How do I efficiently represent and compare my data-type (hexagons)?

Question

Premise

I am working on a private project in python using numpy. My program works with hexagons, which edges have certain features. I currently represent these hexagons by numpy arrays with one entry for each edge. There is a need to compare hexagons for equality, which is special because some differentiable features are considered equal. Also hexagons should be equal if they are the same just in another rotation (numpy array is barrel-rolled by some amount). To solve the first problem, edges are represented by bytes, each bit marking an "equal" feature. Now two edges can simply be compared by bitwise_and and any value non zero prooves equality. To solve the second problem equality is checked by comparing all six rotations of a hex aginst the other hex. All arrays I describe here are of dtype=uint8, so 255 is the neutral element for bitwise_and.

Problem

Each arrangement of a hexagon has a value associated with it. What I mean by arrangement is how features of the hexagon are arranged, for example two adjacent edges have one feature, the other four an other. The specific features dont matter for this value. So the hex [4, 4, 2, 8, 8, 8] has the same value associated with it as hex [2, 4, 4, 1, 2, 2] (notice rotation by one and substitution of values).

Additionally edges can have "don't care" as a feature (represented by all ones in binary to make the equality check work as intended).
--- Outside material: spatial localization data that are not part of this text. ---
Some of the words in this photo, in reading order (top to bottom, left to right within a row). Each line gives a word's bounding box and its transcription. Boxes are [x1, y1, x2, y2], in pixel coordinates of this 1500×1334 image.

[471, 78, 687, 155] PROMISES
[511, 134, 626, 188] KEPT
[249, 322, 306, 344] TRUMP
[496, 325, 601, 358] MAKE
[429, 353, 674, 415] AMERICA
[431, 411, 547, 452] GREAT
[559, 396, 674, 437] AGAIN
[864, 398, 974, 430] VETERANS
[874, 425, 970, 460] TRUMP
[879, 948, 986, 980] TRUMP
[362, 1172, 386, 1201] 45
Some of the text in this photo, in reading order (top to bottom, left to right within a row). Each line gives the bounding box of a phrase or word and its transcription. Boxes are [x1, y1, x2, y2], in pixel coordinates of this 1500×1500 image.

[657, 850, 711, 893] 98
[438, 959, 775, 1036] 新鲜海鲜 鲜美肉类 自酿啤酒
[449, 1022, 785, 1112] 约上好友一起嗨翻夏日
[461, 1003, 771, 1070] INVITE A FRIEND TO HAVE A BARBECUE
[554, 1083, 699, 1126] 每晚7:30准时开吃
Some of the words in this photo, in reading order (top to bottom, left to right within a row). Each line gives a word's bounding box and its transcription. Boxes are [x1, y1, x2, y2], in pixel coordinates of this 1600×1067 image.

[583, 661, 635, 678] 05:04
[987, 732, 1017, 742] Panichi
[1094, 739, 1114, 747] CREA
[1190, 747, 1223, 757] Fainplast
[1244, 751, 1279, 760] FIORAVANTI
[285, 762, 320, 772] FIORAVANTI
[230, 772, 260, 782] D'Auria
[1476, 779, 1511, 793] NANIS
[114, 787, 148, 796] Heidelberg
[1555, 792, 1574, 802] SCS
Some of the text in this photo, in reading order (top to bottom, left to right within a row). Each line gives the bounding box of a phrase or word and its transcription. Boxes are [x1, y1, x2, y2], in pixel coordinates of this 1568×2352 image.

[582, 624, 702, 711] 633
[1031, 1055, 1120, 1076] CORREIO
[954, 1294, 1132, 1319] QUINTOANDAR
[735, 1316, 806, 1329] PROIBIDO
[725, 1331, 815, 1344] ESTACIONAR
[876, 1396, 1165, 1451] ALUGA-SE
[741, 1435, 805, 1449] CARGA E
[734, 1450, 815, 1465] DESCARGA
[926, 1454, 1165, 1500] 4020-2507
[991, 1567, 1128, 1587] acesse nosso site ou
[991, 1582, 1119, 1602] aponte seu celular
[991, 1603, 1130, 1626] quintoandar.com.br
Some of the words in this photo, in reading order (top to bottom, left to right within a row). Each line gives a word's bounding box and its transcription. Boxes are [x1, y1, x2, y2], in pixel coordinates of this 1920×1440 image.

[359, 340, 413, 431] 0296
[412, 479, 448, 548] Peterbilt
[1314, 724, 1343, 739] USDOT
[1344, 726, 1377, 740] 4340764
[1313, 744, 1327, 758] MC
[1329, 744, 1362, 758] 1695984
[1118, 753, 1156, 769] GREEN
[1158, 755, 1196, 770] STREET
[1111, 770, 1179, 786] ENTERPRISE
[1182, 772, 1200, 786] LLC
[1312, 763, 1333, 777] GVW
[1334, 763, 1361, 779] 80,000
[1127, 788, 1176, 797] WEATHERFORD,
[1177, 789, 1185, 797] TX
In that case I need to find the associated values of all compatible hexagons, no matter the feature of that particular edge.

What I need is a clever representation of these "meta"-hexagons, which just care about arrangement not type of features. I then need a way for a given hexagon to find all meta-hexagons that could describe its arrangement.

Ideas

One idea is to represent the meta-hexes like every other hexagon, using numbers to differentiate each unique feature. A meta-hex like [1, 1, 2, 1, 2, 2] would need to match any hex [x, x, y, x, y, y].

How to find all meta-hexes for a given hexagon with "dont care"-edges?

A: One possibility would be to create all possible meta-hexagons for a given hexagon. The problem with this approach is that the number of possibilities can be quite large. For example, a common hexagon in my application is one with five adjacent "don't care"-edges (only one important feature). The number of features is only about 5 (it's actually more, but some features are mutually exclusive so 5 independent features is a good approximation) but even then 5^5=3125 (minus a couple because of equality under rotation) seems quite a lot. The advantage of this approach would be that I don't need any equality checks against the meta-hexes and could use a dictionary to access the values (for example using the numpy bytes as key).

B: Another possibility would be to save the meta-hexes in a numpy array, which allows fast comparisons against all meta-hexes at once. In that case one could leave "don't care"-edges as they were (all bits one) and would only need to transform the given features into meta-hex representation. So [2, 8, 8, 255, 255, 255] would become something like [1, 2, 2, 255, 255, 255] and comparison could be done with bitwise_and and a nonzero check again to make the "dont care" edges match anything. The problem in this case is that the hexagon wouldn't match meta-hexes like [2, 3, 3, 1, 1, 1] where the features are simply numbered differently, even though it should. So all possible numbering schemes and rotations would have to be created. Even with rules such that numbers are increased by one from one feature to the next, it would be a couple dozen possible representations.

Questions

1. In general, is there a way to represent polygons so that two polygons with different rotations but otherwise equal, can be identified as such without having to compare all possible rotations?

2. Which numpy functions should I look into to implement my idea in A. Replacing all "dont cares" with all possible features sounds like permutations to me?

3. For my approach in B, is there a way to further reduce the amount of hexagons I have to create?

Any help is appreciated, I've thought about this for three days now, going back and forth in my head. So even remotely related links and reading material or just keywords to lookup and/or add to the tags of this question are happily received. Also I'm new here, so any tips regarding stack overflow are welcome!

If you've read this far, thank you for your time!

Answer 1

It seems like you are chasing performance here... I'll answer some of the questions keeping that in mind but be warned: premature optimization is always a bad idea. If it is optimization you are looking for it is almost always best to write any solution and then take it from there.

In general you can win in terms of time complexity if you are willing to deal with a bit of extra memory.

1. For each hexagon create a copy of it but permuted such that the smallest "edge" is first. This has a little bit of startup cost and a bit of extra memory but then the comparison is easy as you only need to compare one array. (if the smallest element is repeated you can come up with some heuristic to create a unique order)

2.3. I would create "mask" arrays that each hexagon has. This mask array is then used by your comparison function to decide what comparison rules to check for. If you just want code neatness then this just means creating a hexagon object which contains all these extra arrays and then overloading the __eq__property.

If you want all this to be fast then you probably have no choice but to implement this "comparison" operation in C and then having your python code call it.